*** Opening of Material for the task ***

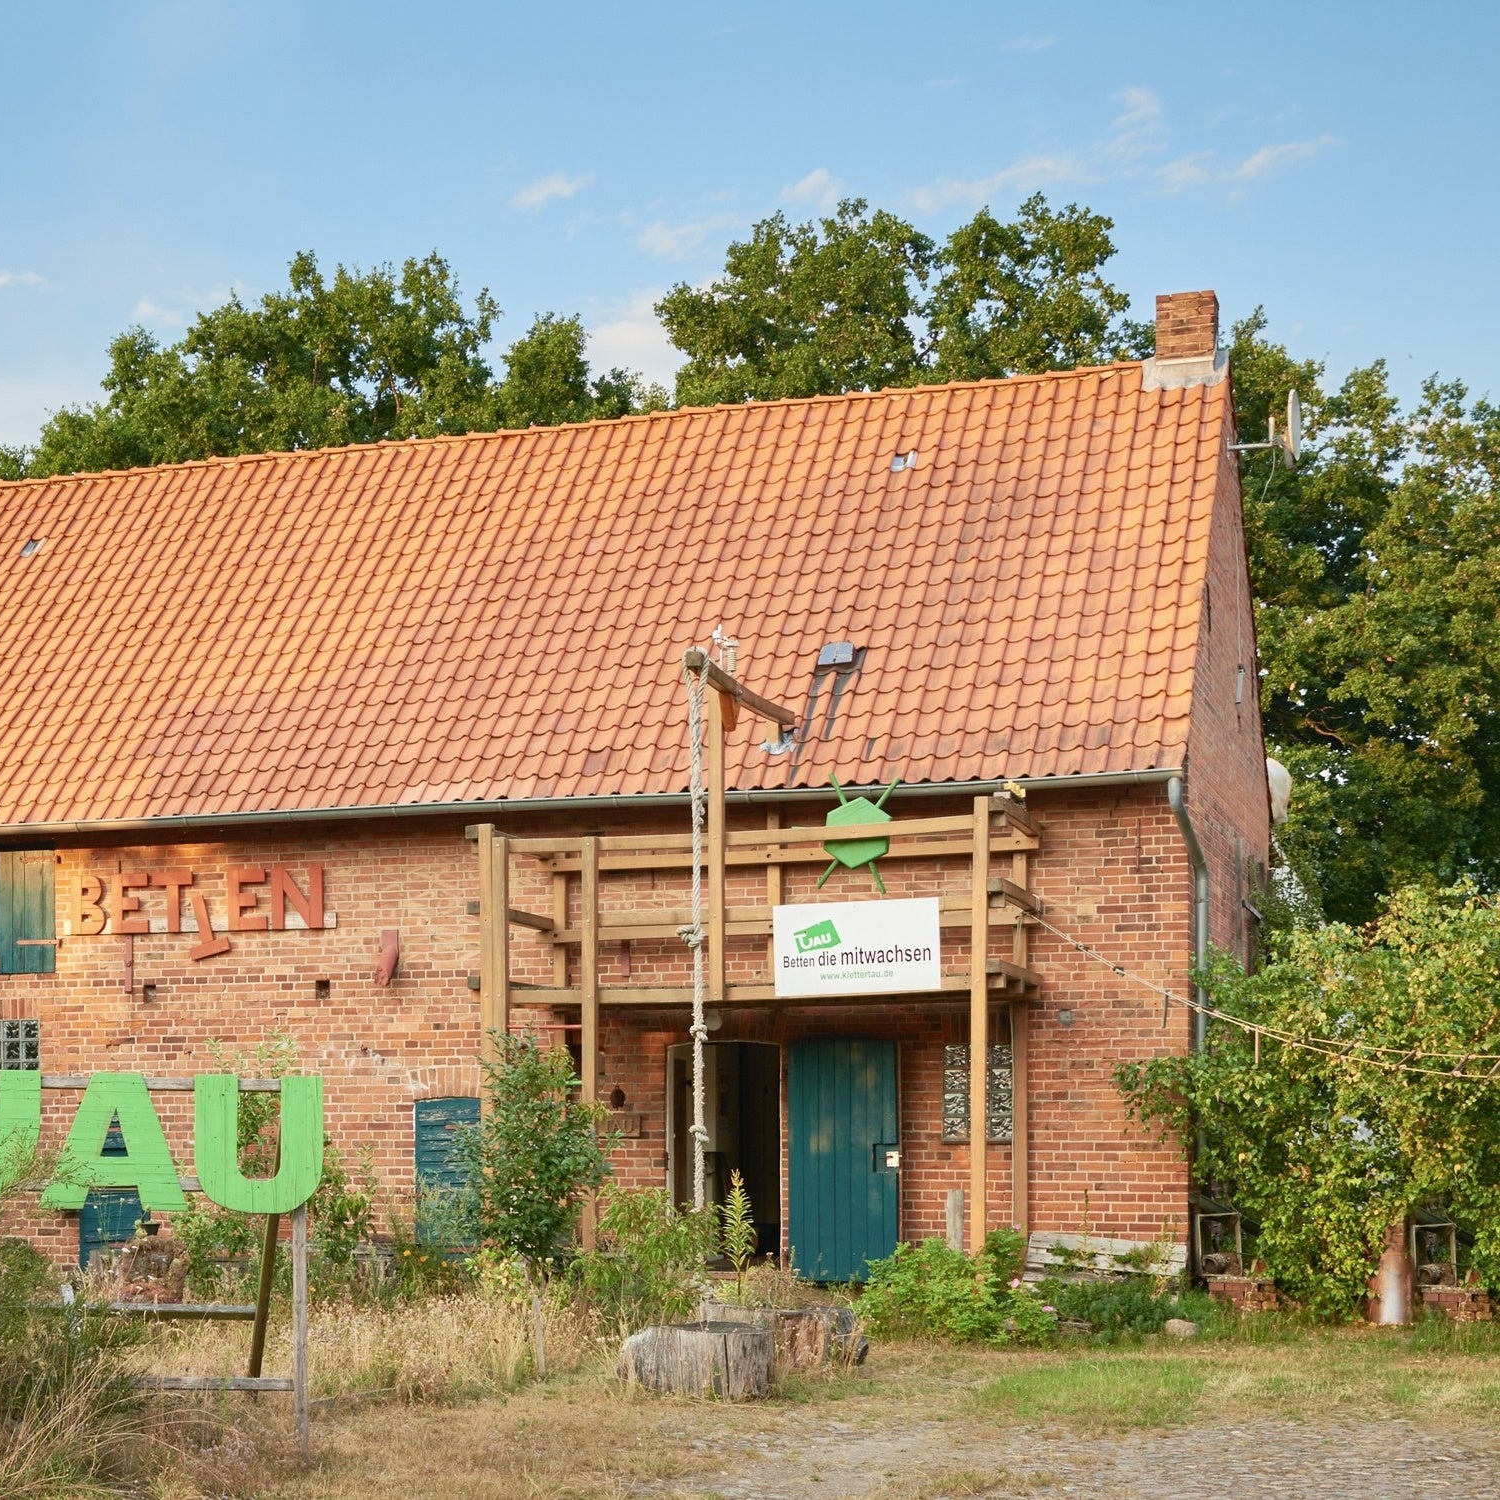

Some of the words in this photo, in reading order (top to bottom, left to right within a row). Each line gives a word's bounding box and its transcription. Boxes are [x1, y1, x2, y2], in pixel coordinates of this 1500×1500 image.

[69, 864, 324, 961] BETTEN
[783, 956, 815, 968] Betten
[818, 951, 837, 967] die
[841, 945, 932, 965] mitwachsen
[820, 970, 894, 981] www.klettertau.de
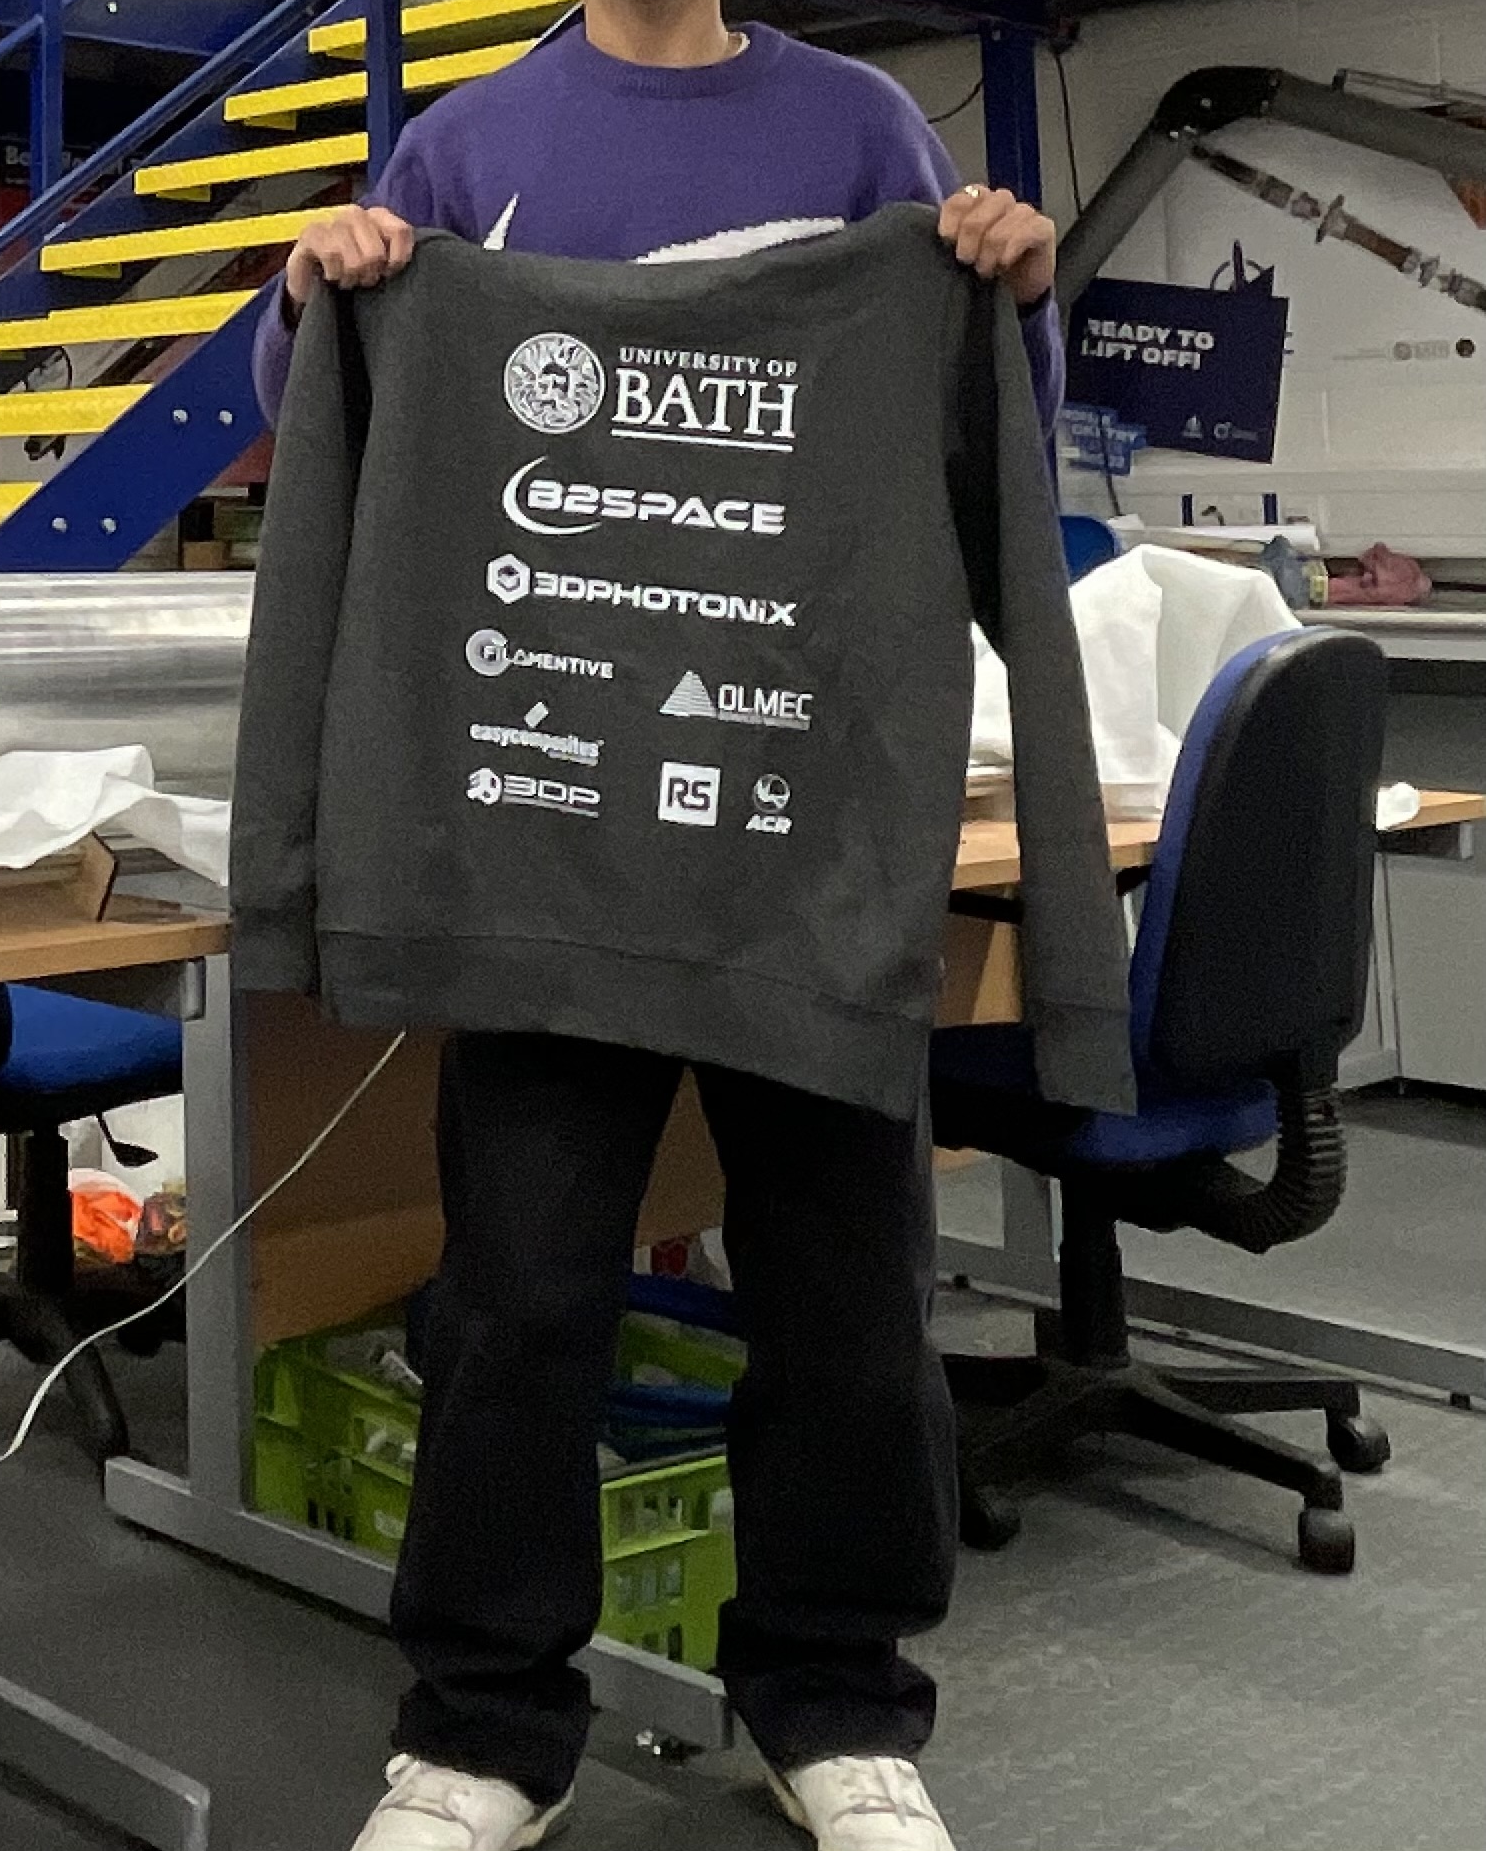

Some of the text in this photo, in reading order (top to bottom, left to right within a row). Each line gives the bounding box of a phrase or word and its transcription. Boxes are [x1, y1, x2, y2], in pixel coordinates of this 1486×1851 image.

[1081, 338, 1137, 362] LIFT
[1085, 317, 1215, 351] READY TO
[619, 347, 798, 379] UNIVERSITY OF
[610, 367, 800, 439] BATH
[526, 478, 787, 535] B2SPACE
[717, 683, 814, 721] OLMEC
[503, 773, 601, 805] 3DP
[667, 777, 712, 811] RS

*** Close of Material for the task ***

Give the data again exactly as it appears, but without any images.

## Solution to this problem
Some of the words in this photo, in reading order (top to bottom, left to right within a row). Each line gives a word's bounding box and its transcription. Boxes are [x1, y1, x2, y2], in pixel coordinates of this 1500×1500 image.

[69, 864, 324, 961] BETTEN
[783, 956, 815, 968] Betten
[818, 951, 837, 967] die
[841, 945, 932, 965] mitwachsen
[820, 970, 894, 981] www.klettertau.de

Some of the text in this photo, in reading order (top to bottom, left to right within a row). Each line gives the bounding box of a phrase or word and its transcription. Boxes are [x1, y1, x2, y2], in pixel coordinates of this 1486×1851 image.

[1081, 338, 1137, 362] LIFT
[1085, 317, 1215, 351] READY TO
[619, 347, 798, 379] UNIVERSITY OF
[610, 367, 800, 439] BATH
[526, 478, 787, 535] B2SPACE
[717, 683, 814, 721] OLMEC
[503, 773, 601, 805] 3DP
[667, 777, 712, 811] RS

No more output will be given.